O perito contratado pela produtora do filme "Dark Horse", sobre o ex-presidente Jair Bolsonaro, afirmou que não rastreou a origem do dinheiro que o banqueiro Daniel Vorcaro enviou à produção. O laudo, divulgado nesta quarta-feira (26), contradiz a promessa do senador Flávio Bolsonaro (PL-RJ) de que o caso estava com as contas encerradas.

O documento foi produzido por Anísio Castelo Branco, presidente do Instituto de Perícia Investigativa, contratado pela GoUp Entertainment, produtora do filme. Segundo o laudo, o custo total da produção foi de R$ 75,1 milhões, dos quais quase 100% vieram do fundo americano Havengate.

O perito, porém, analisou só os gastos da GoUp no Brasil, sem checar de onde veio o dinheiro antes de chegar ao fundo americano. Segundo o laudo entregue à investigação, ele afirmou:

Eu não sei quanto foi enviado do Brasil aos EUA, nem sei se foi enviado, porque eu não estou investigando o fundo

A promessa que não bateu

Seis dias antes, em 20 de agosto, Flávio Bolsonaro havia chamado o caso de "página virada" e disse que a prestação de contas já tinha sido feita, sem detalhar valores. Em maio, ele já havia prometido tornar o contrato público, promessa que segue sem cumprir.

O laudo do perito mostra o contrário do que Flávio Bolsonaro sugeriu: a origem de boa parte do dinheiro, o fluxo do Havengate até chegar ao Brasil, segue sem explicação documentada.

PF já tem acesso ampliado

O ministro Flávio Dino autorizou a Polícia Federal a acessar dados de uma operação da Polícia Civil de São Paulo contra a produtora, dois dias antes do laudo. A mesma investigação apura desvio de um contrato de Wi-Fi da prefeitura para financiar o filme.

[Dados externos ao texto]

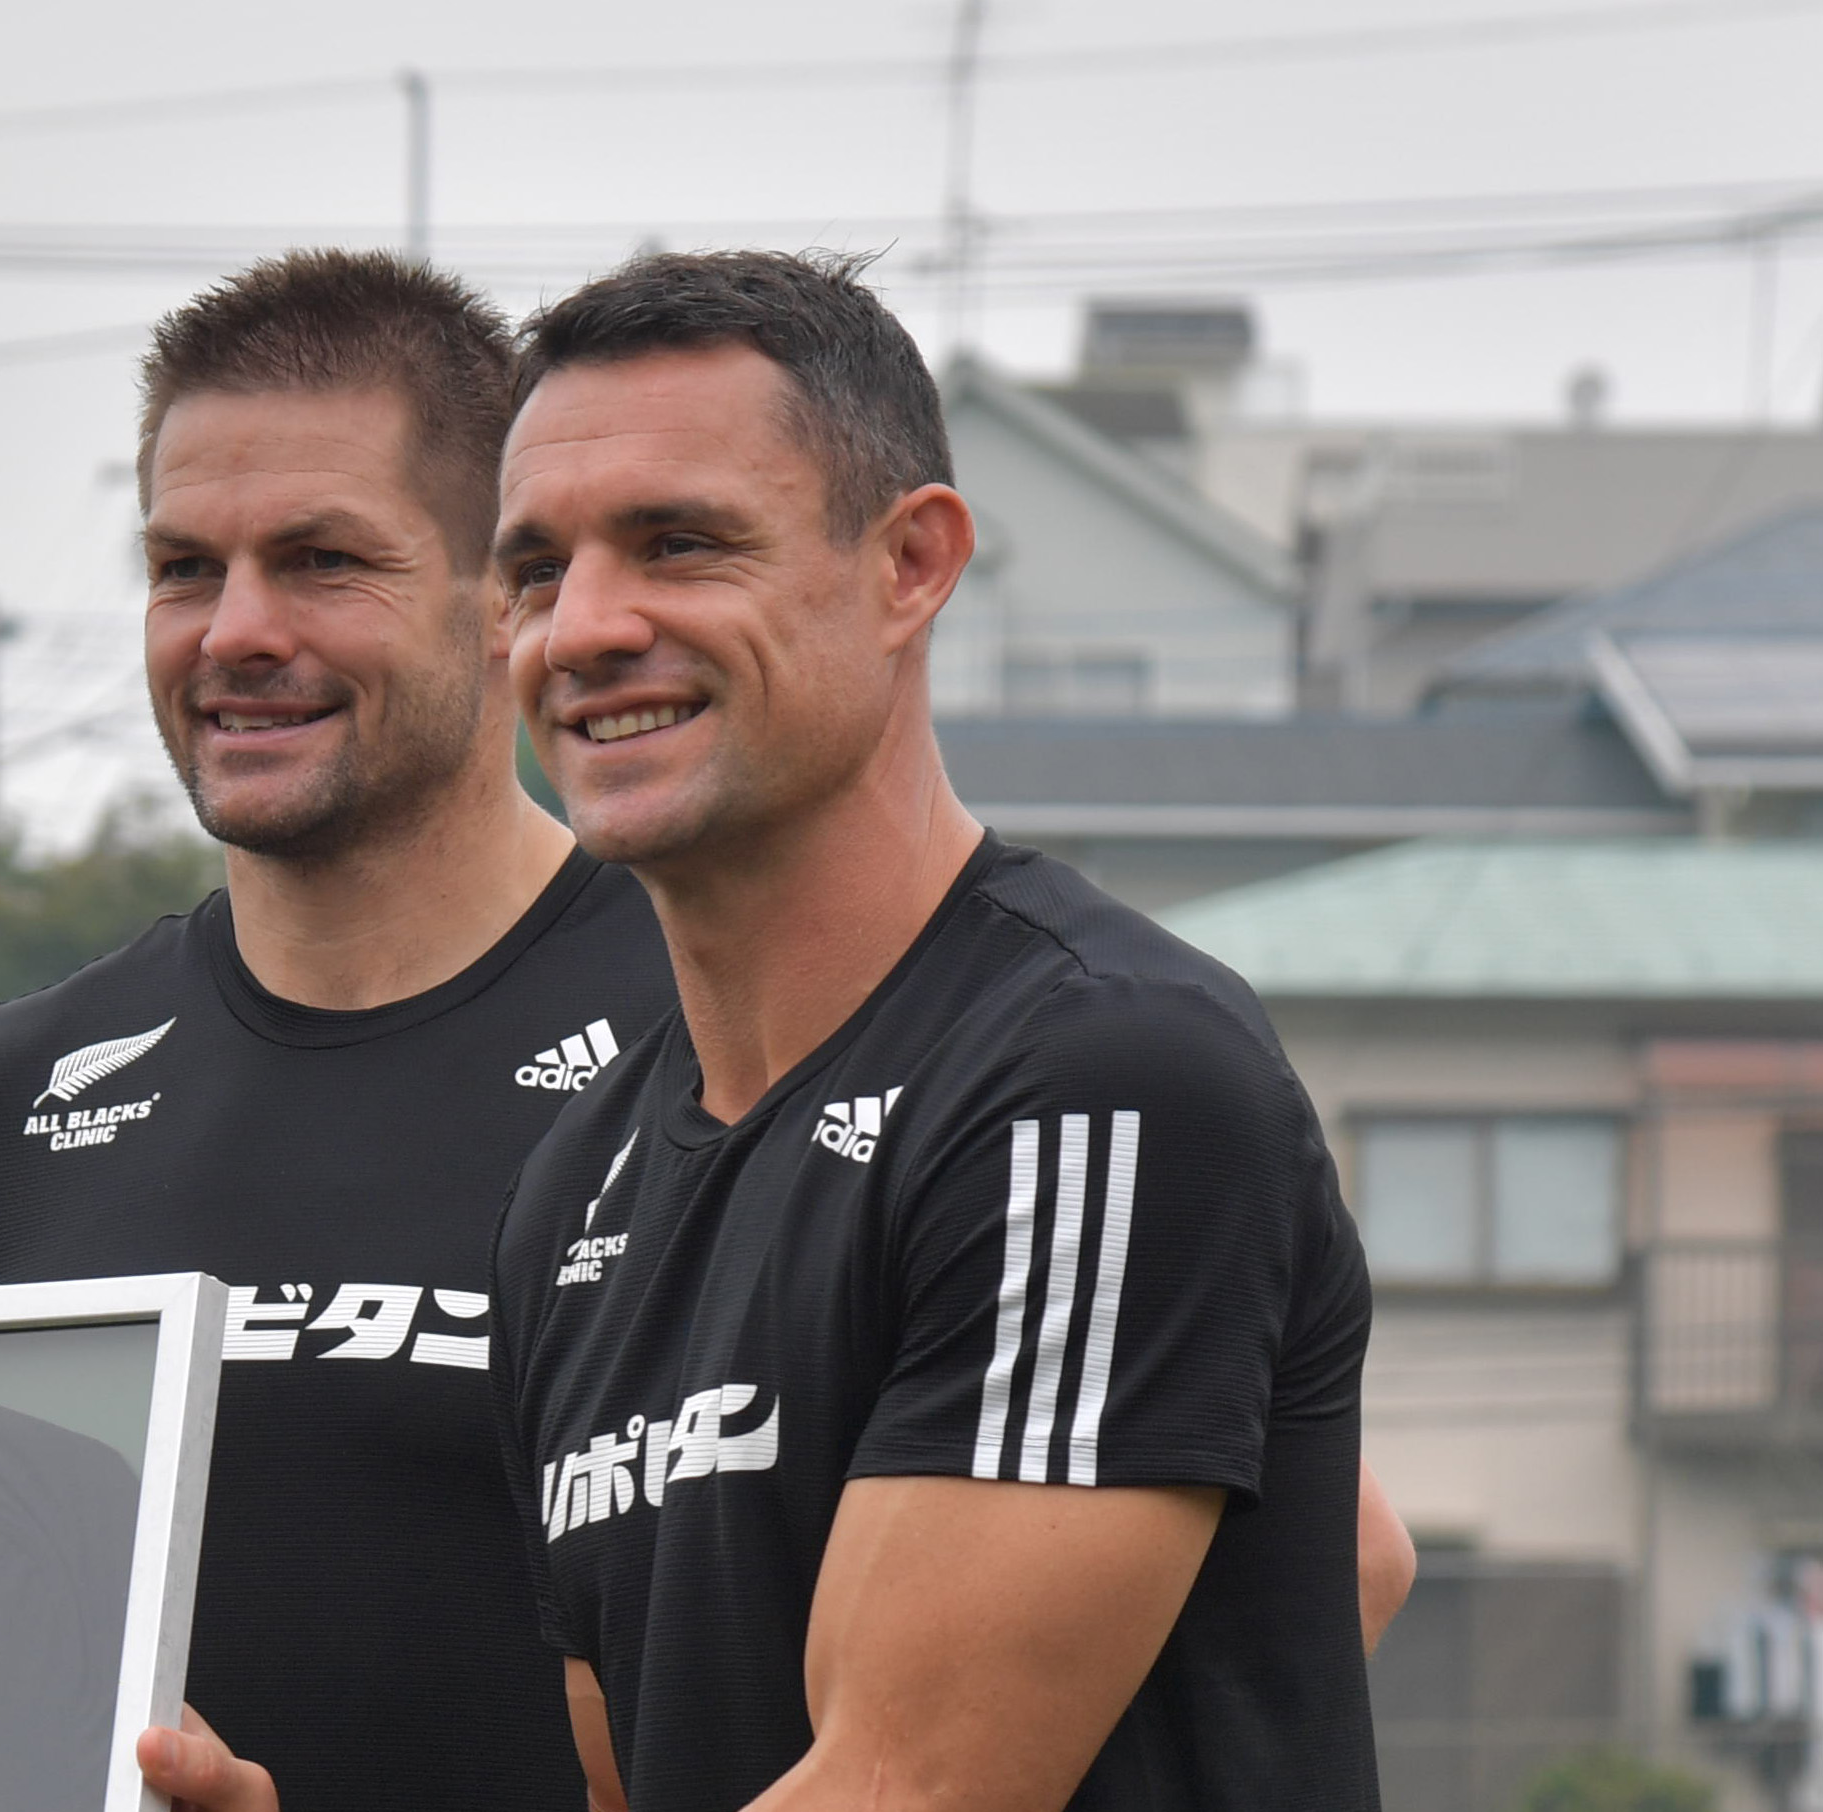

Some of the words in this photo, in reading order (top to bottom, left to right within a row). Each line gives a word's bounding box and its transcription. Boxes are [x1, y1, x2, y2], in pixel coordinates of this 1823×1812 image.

[24, 1114, 61, 1136] ALL
[66, 1100, 152, 1129] BLACKS
[50, 1124, 118, 1152] CLINIC

A PF investiga também se parte dos recursos foi usada em despesas pessoais de Eduardo Bolsonaro nos Estados Unidos, e se o filme serviu como instrumento de lavagem de dinheiro.

O caso começou em maio, quando o Intercept Brasil revelou mensagens que mostravam Flávio Bolsonaro negociando R$ 134 milhões com Vorcaro para financiar o filme sobre o pai.

O que acontece agora

A Polícia Federal segue analisando o fluxo financeiro internacional que o laudo da GoUp não cobriu. Não há data prevista para a conclusão do inquérito, nem posição divulgada pela defesa de Flávio Bolsonaro sobre o novo laudo.